Problem description: Skip every image and restate the data word for word.

Source material: Begin

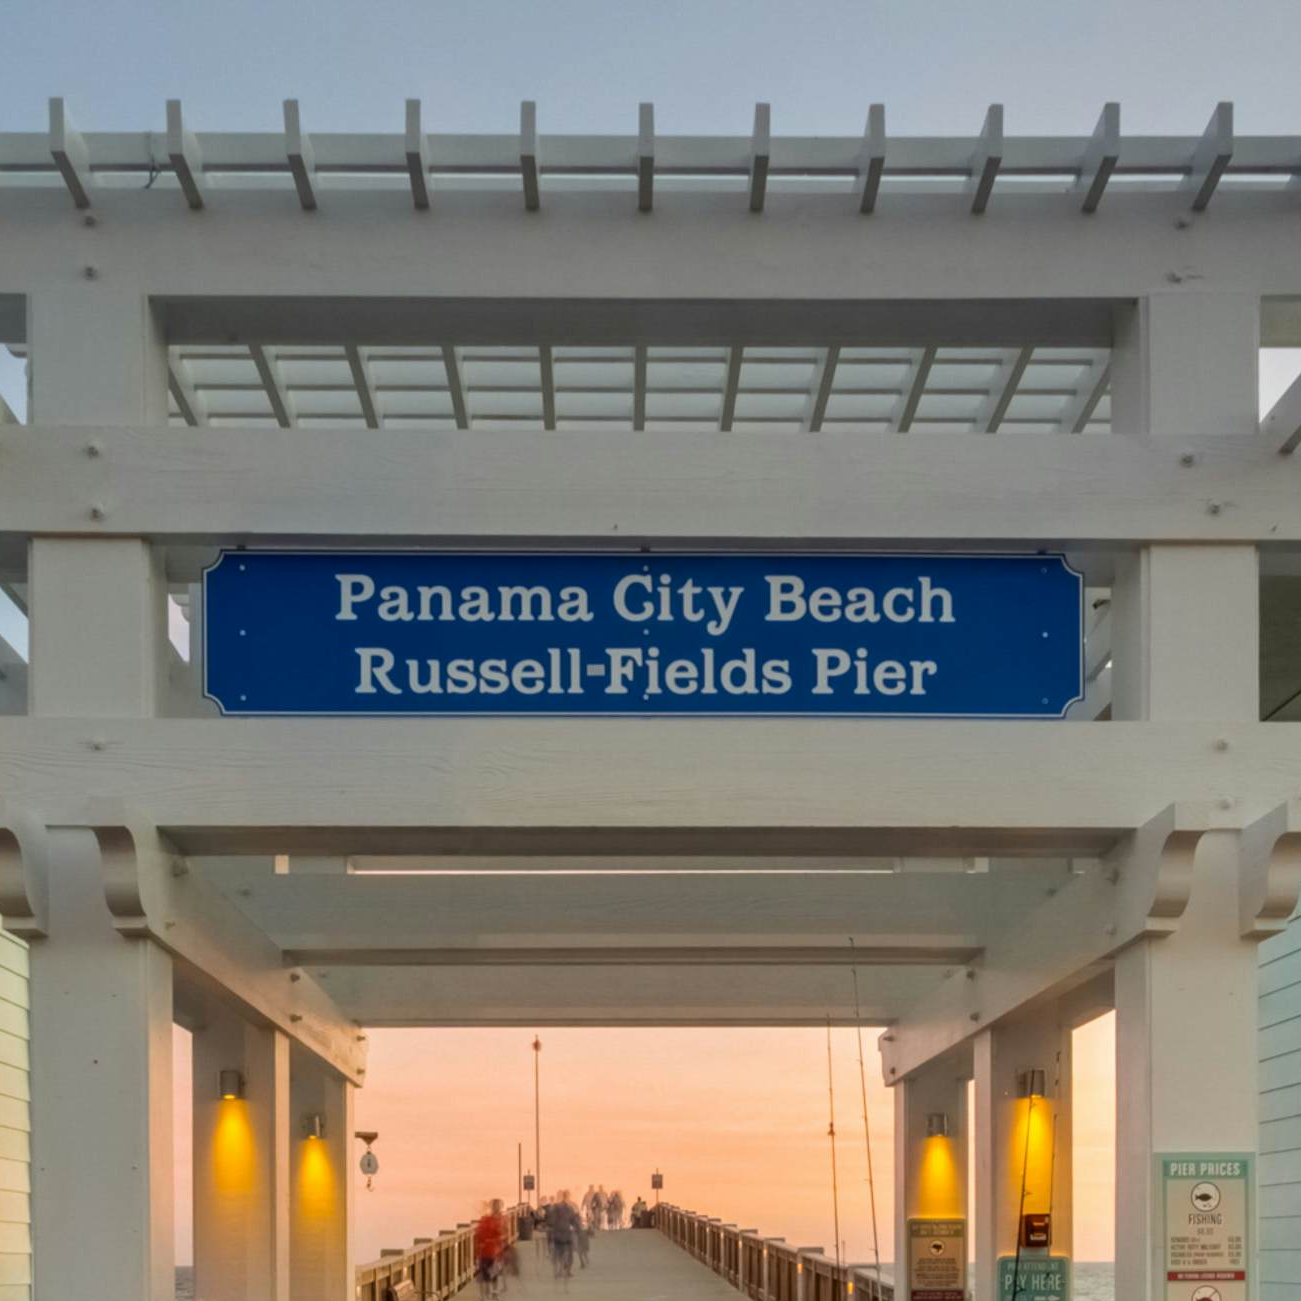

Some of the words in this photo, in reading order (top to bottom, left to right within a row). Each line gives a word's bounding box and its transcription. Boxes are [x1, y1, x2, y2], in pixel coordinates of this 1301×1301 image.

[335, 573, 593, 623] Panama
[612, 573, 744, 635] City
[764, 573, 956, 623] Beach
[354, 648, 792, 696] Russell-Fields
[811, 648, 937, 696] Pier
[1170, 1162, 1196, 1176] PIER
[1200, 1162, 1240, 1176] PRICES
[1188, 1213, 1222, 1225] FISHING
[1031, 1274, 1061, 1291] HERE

Source material: End

Your solution:
Some of the words in this photo, in reading order (top to bottom, left to right within a row). Each line gives a word's bounding box and its transcription. Boxes are [x1, y1, x2, y2], in pixel coordinates of this 1301×1301 image.

[335, 573, 593, 623] Panama
[612, 573, 744, 635] City
[764, 573, 956, 623] Beach
[354, 648, 792, 696] Russell-Fields
[811, 648, 937, 696] Pier
[1170, 1162, 1196, 1176] PIER
[1200, 1162, 1240, 1176] PRICES
[1188, 1213, 1222, 1225] FISHING
[1031, 1274, 1061, 1291] HERE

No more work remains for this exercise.